# Task
Apart from the pictures, which must be omitted, restate the data exactly.

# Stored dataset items
== Segment start ==

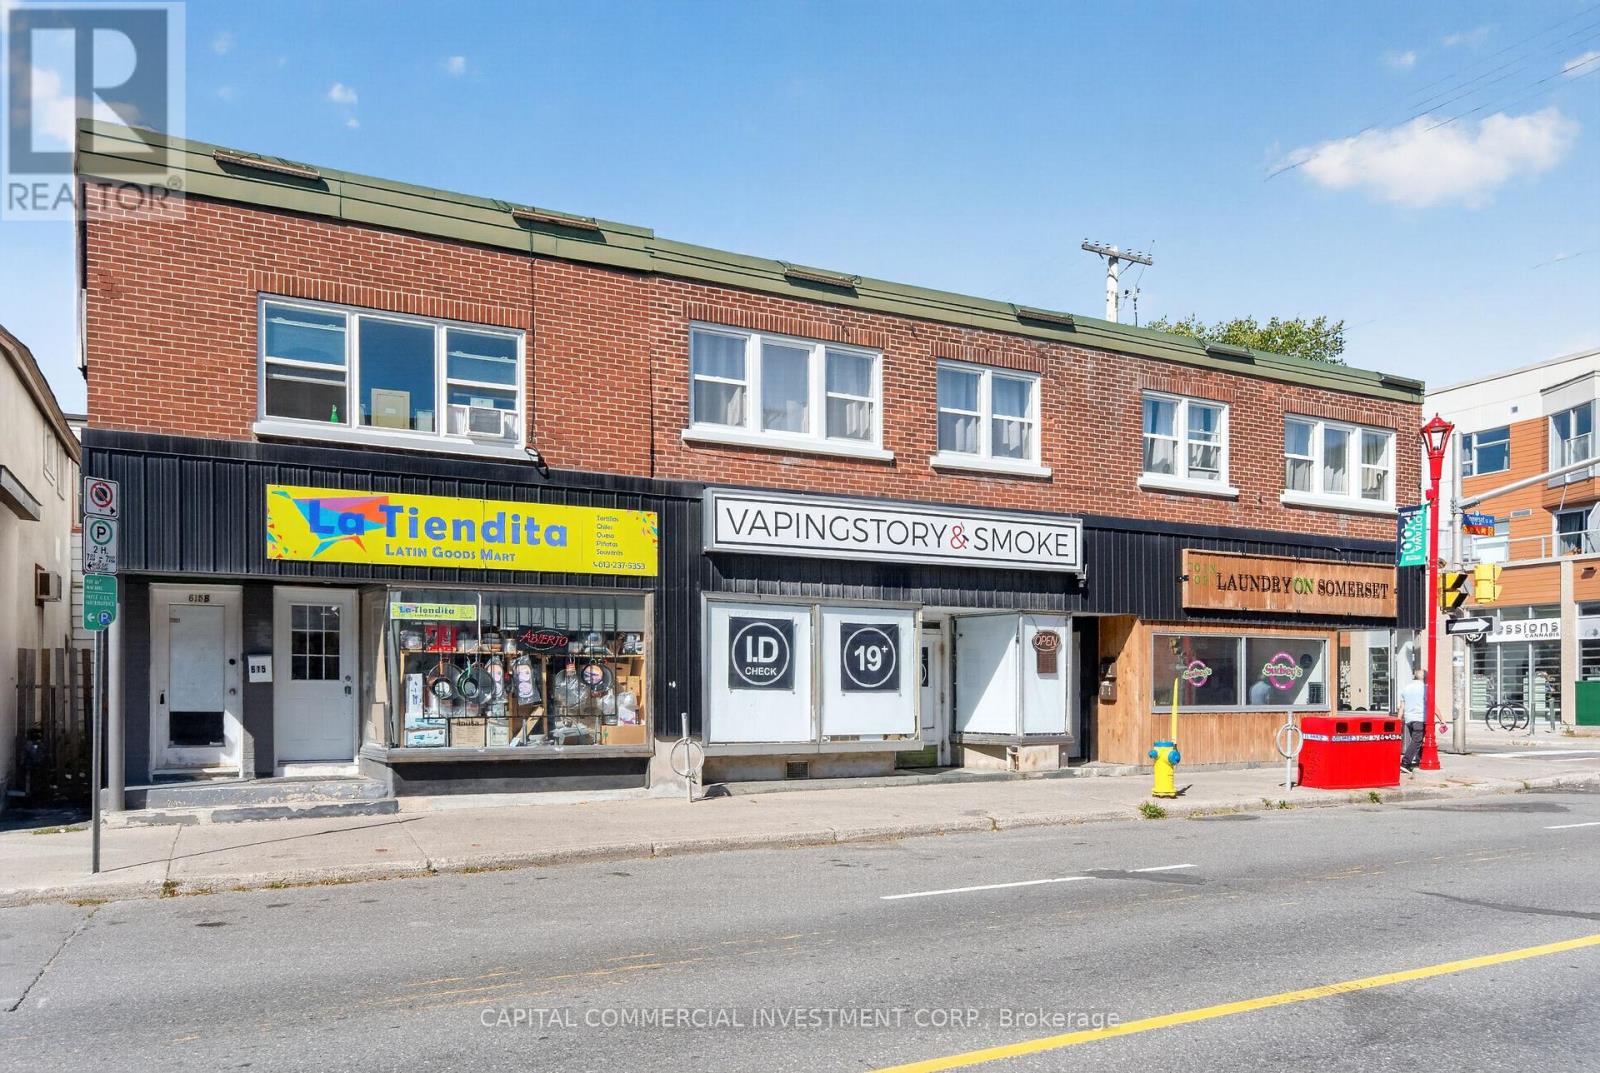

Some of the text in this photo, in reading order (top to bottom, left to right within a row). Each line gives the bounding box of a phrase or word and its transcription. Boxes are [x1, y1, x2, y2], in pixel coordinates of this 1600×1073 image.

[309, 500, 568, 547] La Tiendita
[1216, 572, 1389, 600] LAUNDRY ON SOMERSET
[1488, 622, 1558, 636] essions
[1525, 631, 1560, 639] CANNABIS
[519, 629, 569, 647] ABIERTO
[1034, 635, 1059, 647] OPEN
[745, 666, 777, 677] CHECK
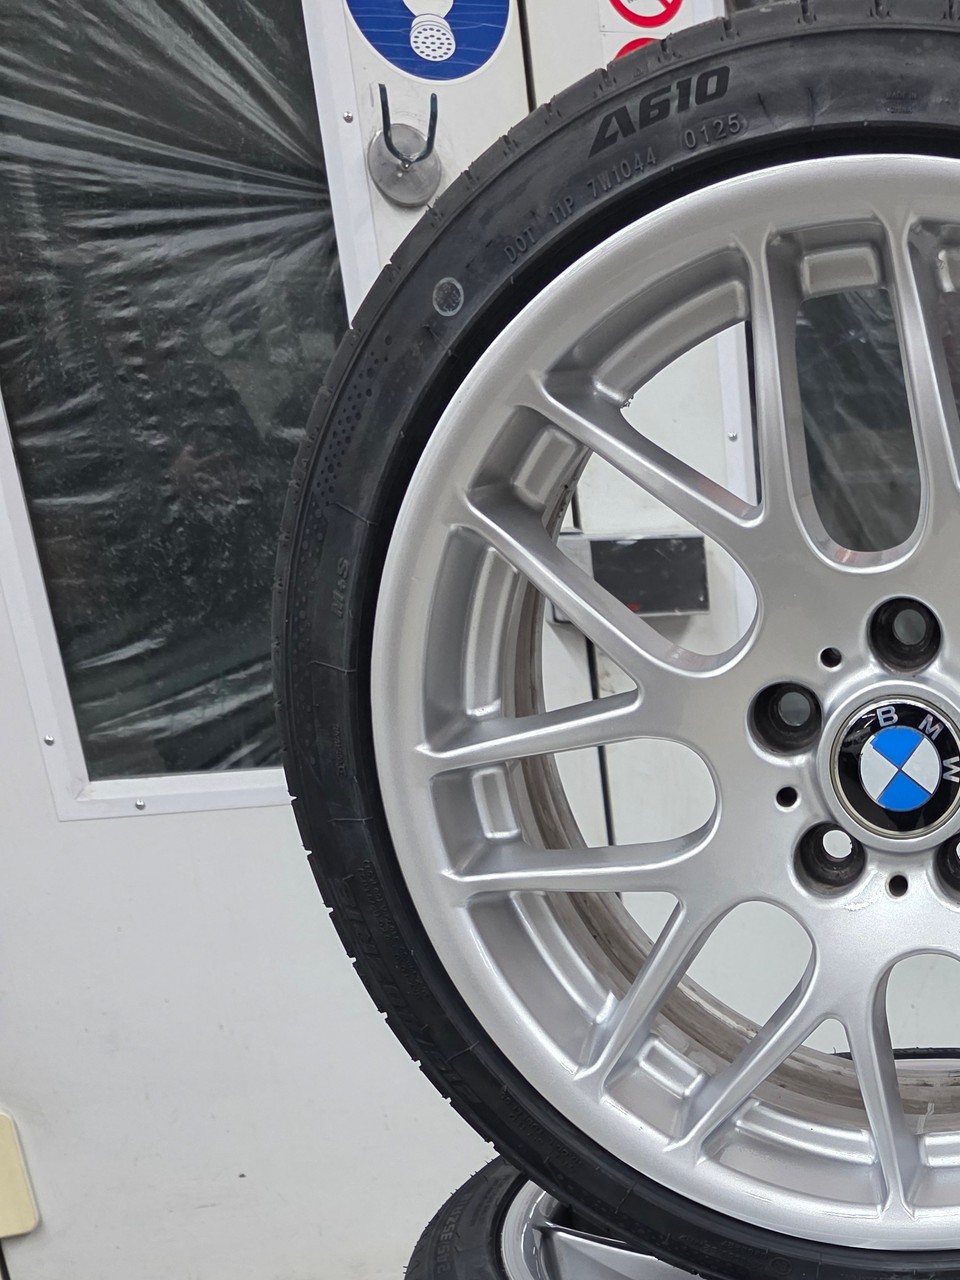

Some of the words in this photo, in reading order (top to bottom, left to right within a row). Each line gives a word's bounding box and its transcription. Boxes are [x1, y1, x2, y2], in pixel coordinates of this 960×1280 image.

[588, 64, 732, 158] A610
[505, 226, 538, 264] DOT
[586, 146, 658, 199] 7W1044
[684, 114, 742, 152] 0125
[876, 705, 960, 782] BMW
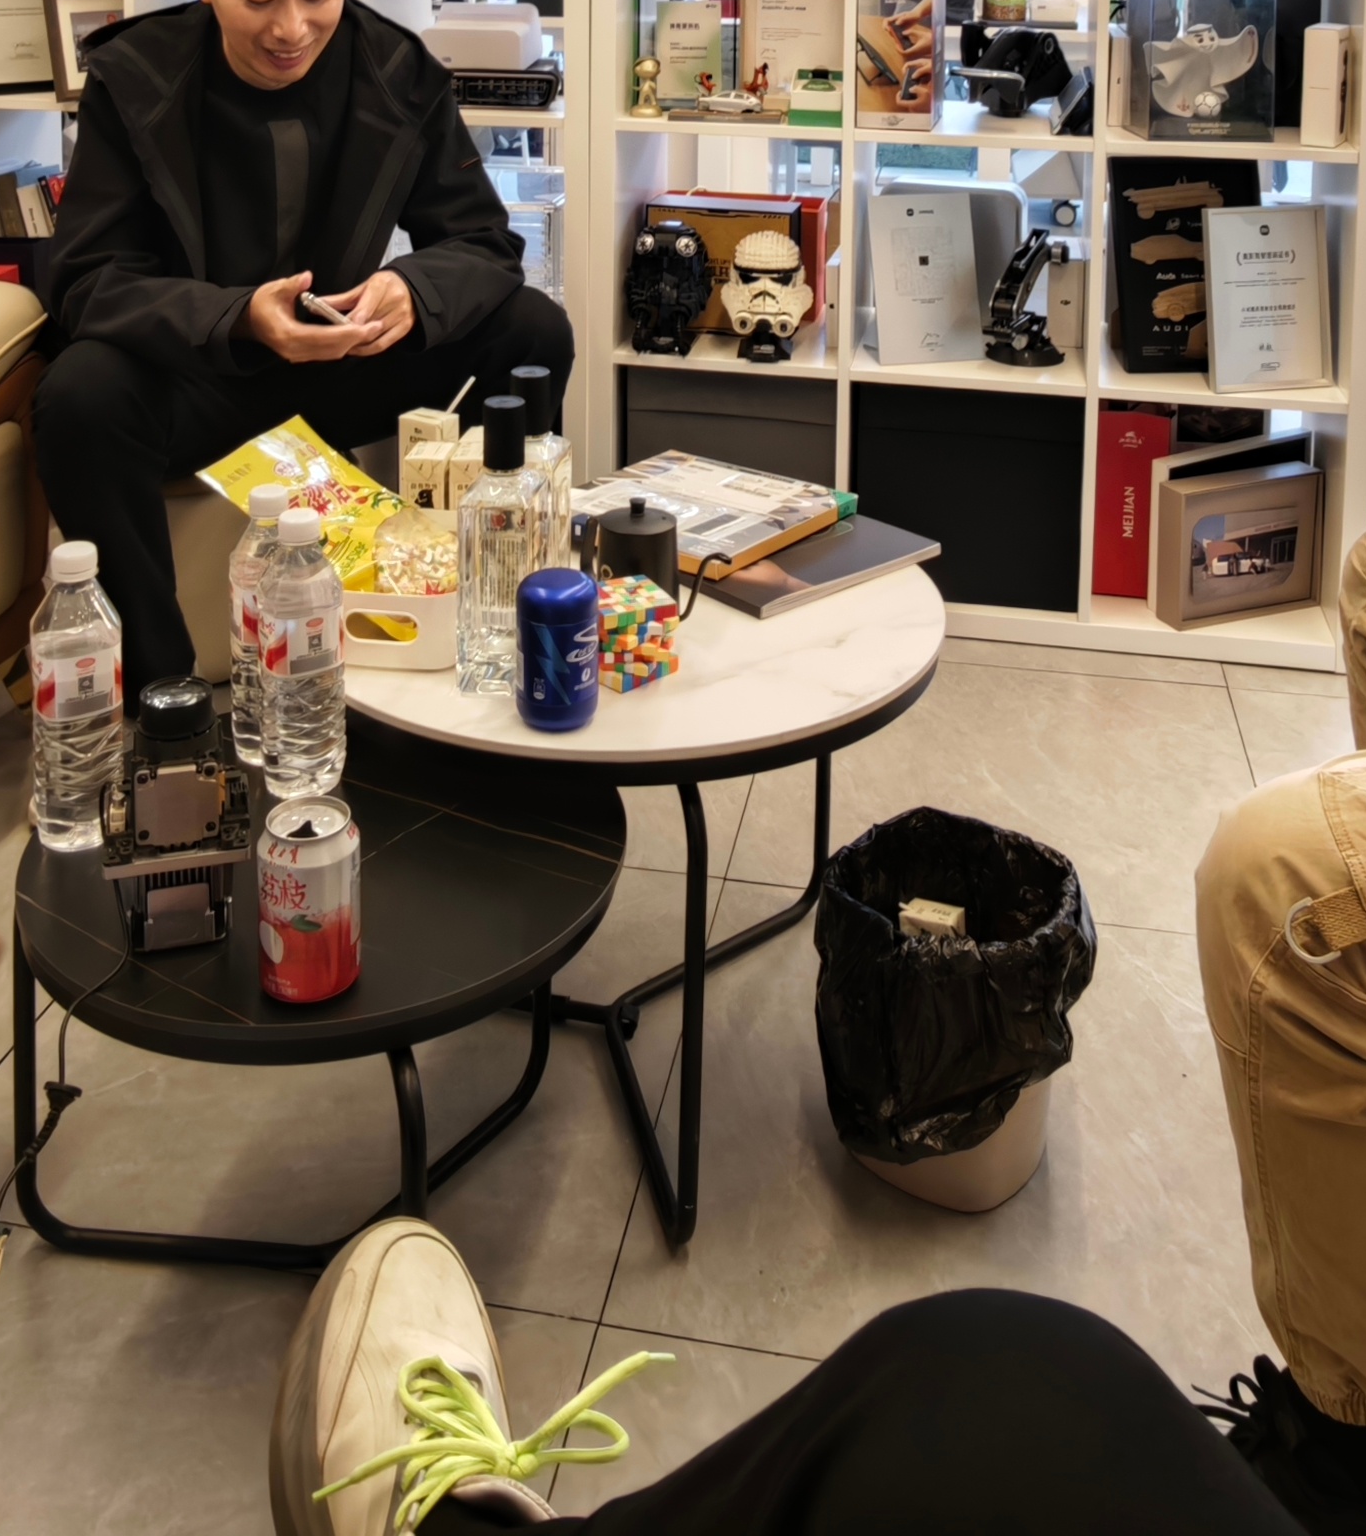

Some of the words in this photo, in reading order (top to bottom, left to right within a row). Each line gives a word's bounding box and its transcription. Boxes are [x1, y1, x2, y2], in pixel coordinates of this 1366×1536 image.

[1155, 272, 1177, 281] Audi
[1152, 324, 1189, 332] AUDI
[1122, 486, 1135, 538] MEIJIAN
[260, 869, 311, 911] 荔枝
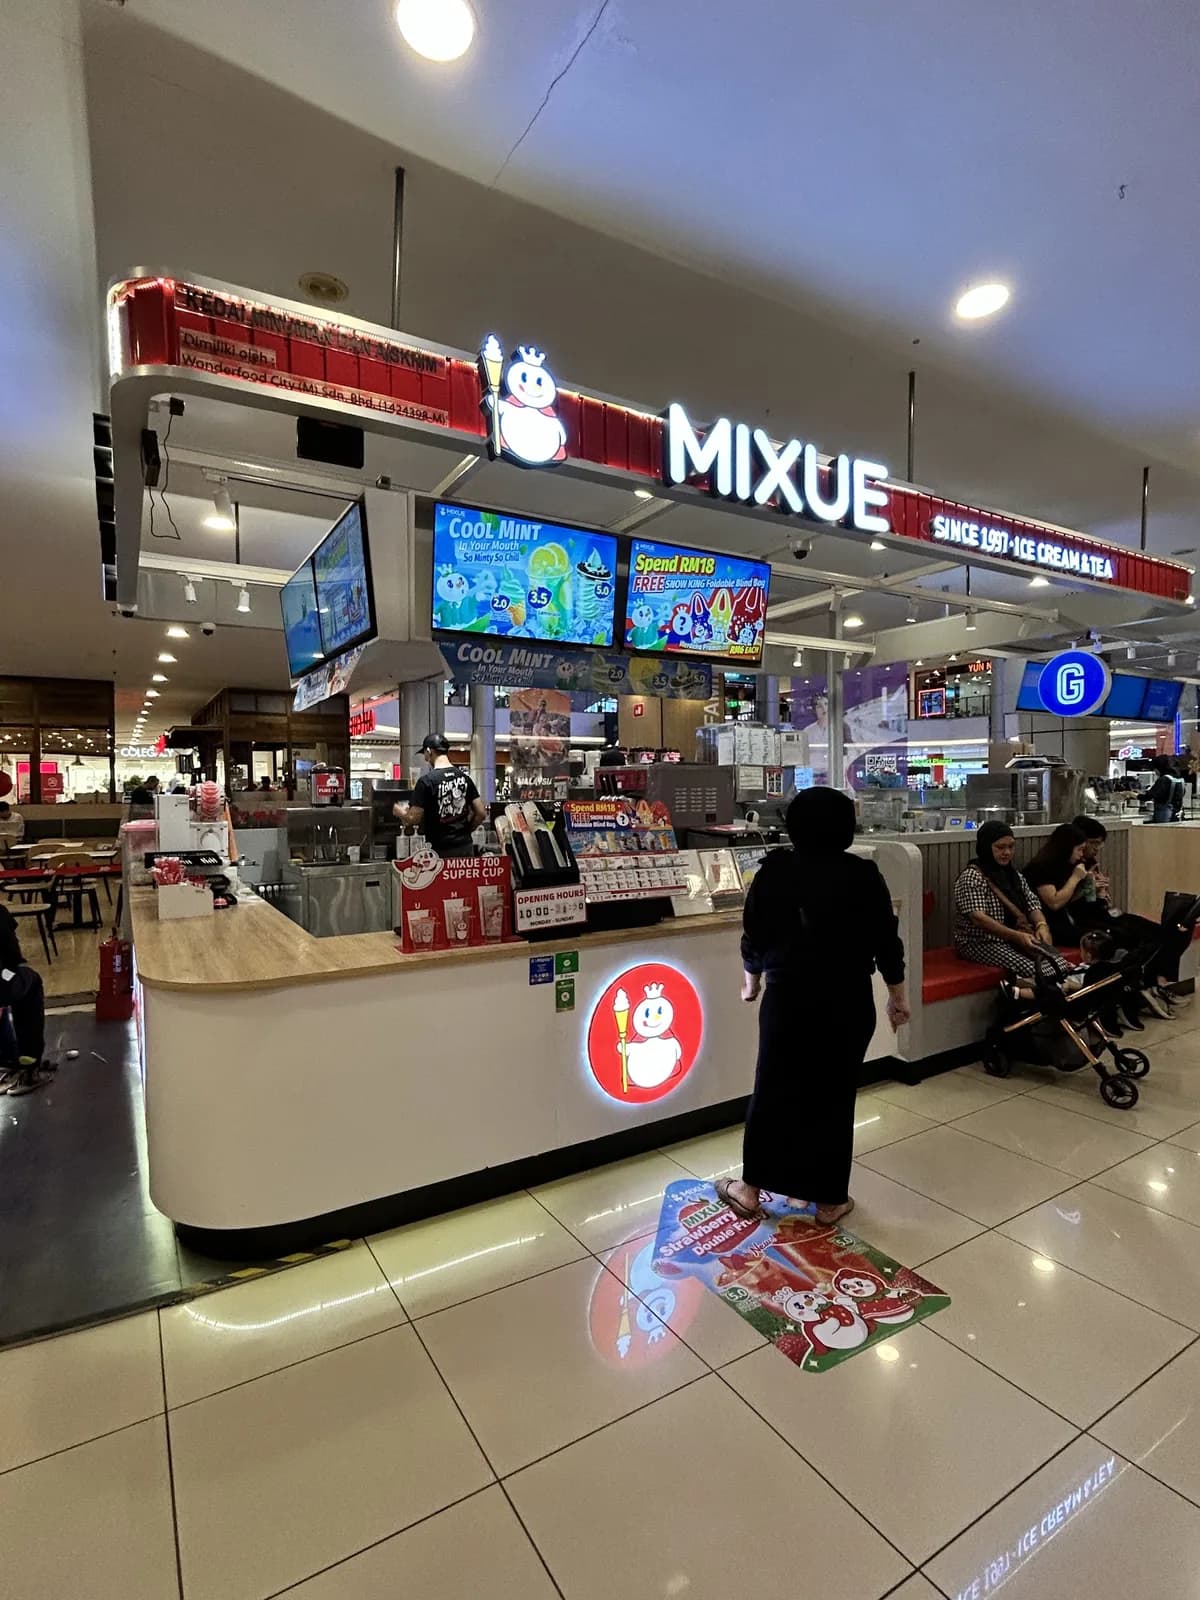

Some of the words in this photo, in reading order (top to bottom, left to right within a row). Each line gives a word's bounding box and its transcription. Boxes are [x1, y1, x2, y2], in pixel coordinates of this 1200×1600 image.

== Segment end ==

# Answer to this task
Some of the text in this photo, in reading order (top to bottom, left to right within a row). Each line gives the bounding box of a phrase or word and its transcription. Boxes are [x1, y1, x2, y2], in pixel coordinates of this 1600×1073 image.

[309, 500, 568, 547] La Tiendita
[1216, 572, 1389, 600] LAUNDRY ON SOMERSET
[1488, 622, 1558, 636] essions
[1525, 631, 1560, 639] CANNABIS
[519, 629, 569, 647] ABIERTO
[1034, 635, 1059, 647] OPEN
[745, 666, 777, 677] CHECK

Some of the words in this photo, in reading order (top to bottom, left to right within a row). Each line gives a word's bounding box and its transcription. Boxes are [x1, y1, x2, y2], in pixel coordinates of this 960×1280 image.

[588, 64, 732, 158] A610
[505, 226, 538, 264] DOT
[586, 146, 658, 199] 7W1044
[684, 114, 742, 152] 0125
[876, 705, 960, 782] BMW

Some of the words in this photo, in reading order (top to bottom, left to right within a row). Each line gives a word's bounding box and its transcription. Boxes are [x1, y1, x2, y2], in pixel coordinates of this 1366×1536 image.

[1155, 272, 1177, 281] Audi
[1152, 324, 1189, 332] AUDI
[1122, 486, 1135, 538] MEIJIAN
[260, 869, 311, 911] 荔枝

Some of the words in this photo, in reading order (top to bottom, left to right within a row). Each line gives a word's bounding box and its transcription. Boxes are [x1, y1, x2, y2], in pixel coordinates of this 1200×1600 image.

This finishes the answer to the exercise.